WASHINGTON — A bipartisan House trio is introducing a bill Thursday aimed at reducing the influx. fentanyl on the southern border of the United States.
The Stop Fentanyl at the Border Act, co-sponsor of the current bipartisan Senate bill in the House, Reps. Gabe Vasquez, DN.M., Eric Sorensen, D-Ill. and represented by Lori Chavez-DeRemer, R-Ore. The bill targets two key issues in the 2024 election — immigration and the opioid crisis — as all three members face tough re-election battles in November.
The bill would provide more than $5 billion to increase personnel and technology to detect illegal drugs, weapons and other contraband across the US-Mexico border.
There are at least 31 scanning systems, known as non-intrusive screening systems, which are already in place along the border in personnel vehicles at dozens of ports of entry under construction. The scanners are the most powerful tool the Biden administration has to detect fentanyl in vehicles crossing the border, the Department of Homeland Security previously told NBC News.
Congress should appropriate funding to deploy scanners at the border.
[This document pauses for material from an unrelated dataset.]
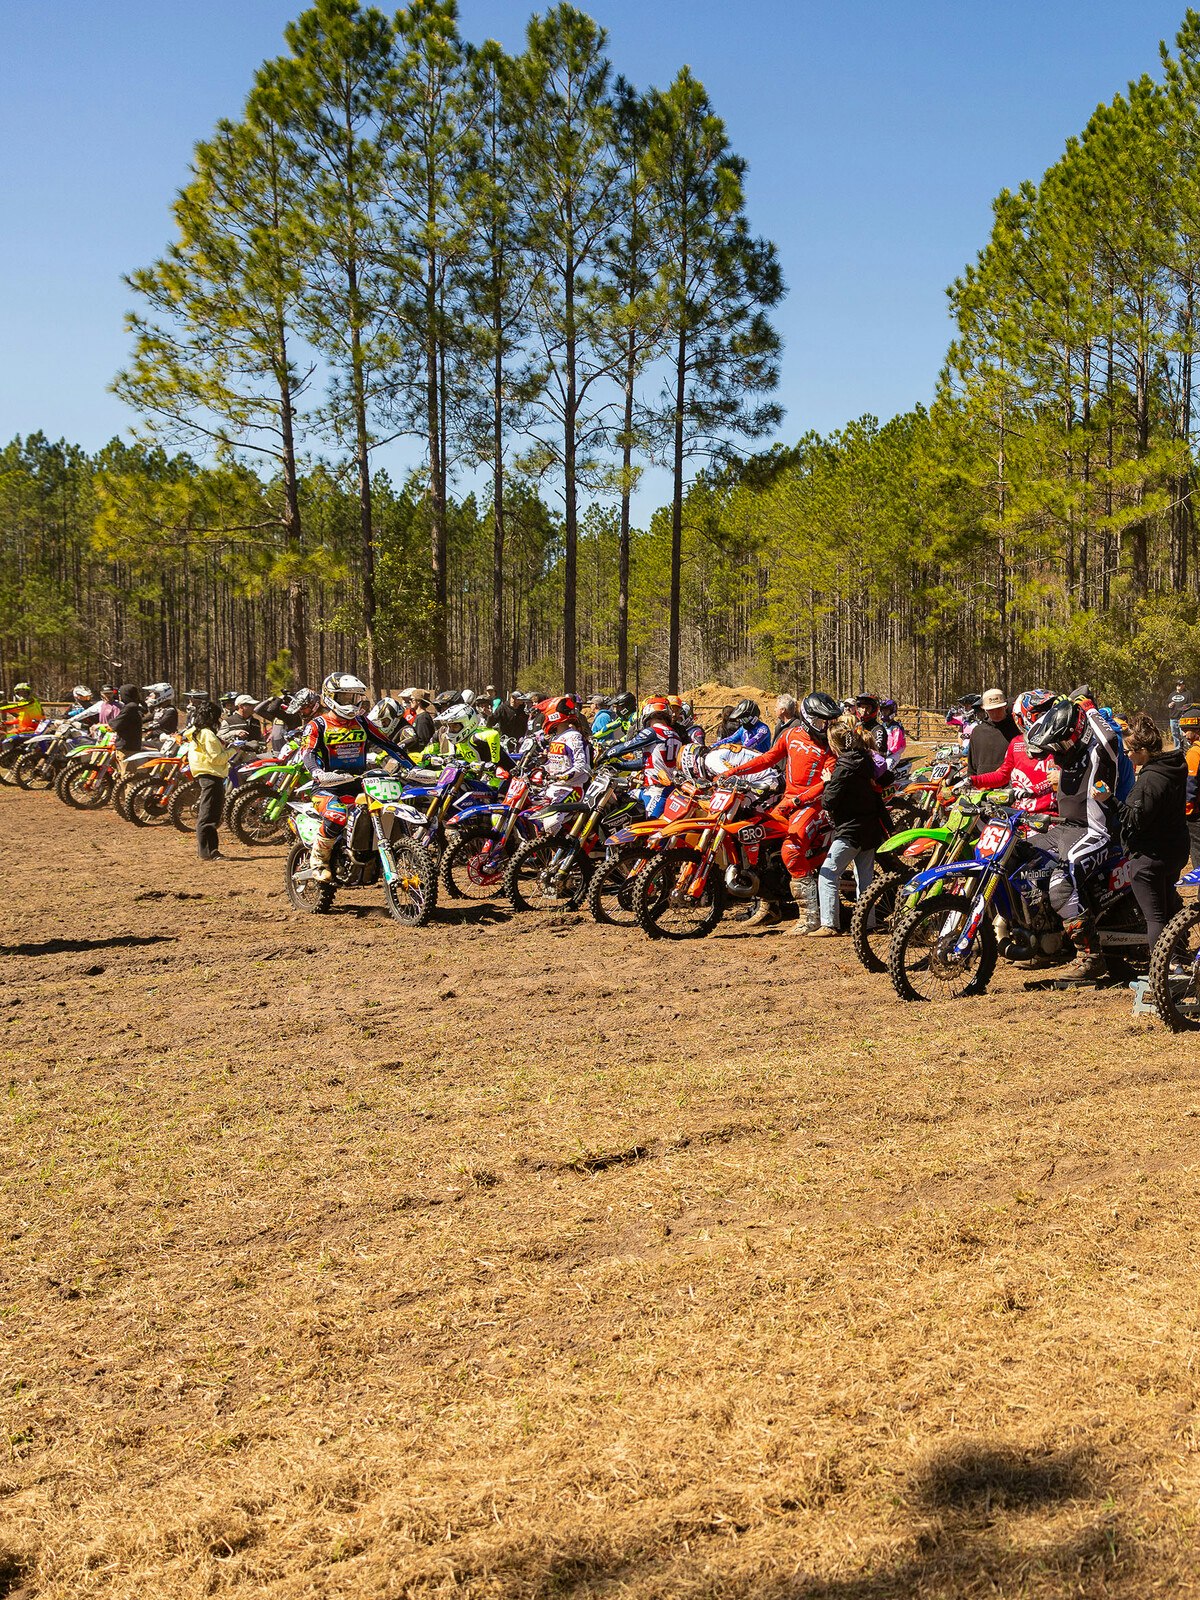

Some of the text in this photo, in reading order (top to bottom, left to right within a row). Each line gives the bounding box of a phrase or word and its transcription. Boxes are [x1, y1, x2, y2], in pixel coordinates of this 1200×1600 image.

Some of that money was released in May after NBC News reported that most of the high-tech scanners were available it sits unused in warehouses.
“The opioid crisis continues to harm American families,” Vasquez told NBC News by phone on Wednesday. “This bill will help deal a major blow to what the cartel is trying to do to get these drugs into our country.”
In 2022, nearly 74,000 Americans died from overdoses of fentanyl and other synthetic opioids. according to National Institute on Drug Addiction.
In addition to introducing Non-Intrusive Inspection Systems, the bicameral bill would fund more law enforcement officers and border agents.
Congress passed a bipartisan bill earlier this year to expand sanctions against fentanyl traffickers in Mexico and Chinese chemical suppliers to President Joe Biden signed passed into law as part of a national security package.
Most of Capitol Hill’s efforts to resolve the southern border have fizzled since Republicans led by former President Donald Trump. killed the bipartisan border security bill in a competitive election year.
Despite broad bipartisan support, Trump and his House allies refused to compromise, insisting instead on the conservative HR 2 proposal that passed the House last year on a party-line vote. The Democratic-controlled Senate failed to pass the bill, with Biden vowing to veto it.
“Even though fentanyl is the biggest health crisis we’re facing, it’s a shame what we’re seeing in Congress today,” said Vasquez, who will flip his seat from red to blue in 2022. “Politics is standing in our way. Finding solutions to prevent these drugs from coming into the country.”
Vasquez hinted at an upcoming rematch against former GOP Rep. Yvette Herrell: “Unfortunately, MAGA Republicans like Donald Trump and my opponent are saying, ‘Well, that’s not enough.’
Sorensen, like Vasquez, has met with constituents who have lost family members, including children, to fentanyl overdoses. His swing district of northwestern Illinois is hundreds of miles from Mexico, and yet the issue has rocked even his backyard.
“I’m not going to wait for Congress to figure out how to make policy to solve this problem,” he told NBC News outside the Capitol on Wednesday. “I don’t want to get another call from a mother who lost a child to this.”
The bill has bicameral and bipartisan support, but its future is murky less than four months before the election.
Vasquez suggested lawmakers could instead insist on broad, comprehensive packages — House Republicans’ HR 2 and Senate Democrats’ efforts to pass a bipartisan bill in May, neither of which have a chance of becoming law this year.
Chavez-DeRemer, a Republican in Oregon’s key swing district, said for her, the fentanyl issue is above politics. “Oregon is number 50 in drug recovery and number one in drug addiction,” he said. “So it’s just silly for us to turn a blind eye to it.”
“When people say, ‘well, it’s an election year, well, we don’t want to work with vulnerable Democrats,’ how many children can we lose before we decide to close and secure the southern border under these policies?” ?” he asked, criticizing the Biden administration for its “open border policy.”
Sorensen, who is also up for re-election in a competitive race, said he did not blame Biden.
“I don’t think pointing fingers at each other really does anything to solve the problem,” Sorensen said.
“Politics be damned, we’ll do our job,” he said.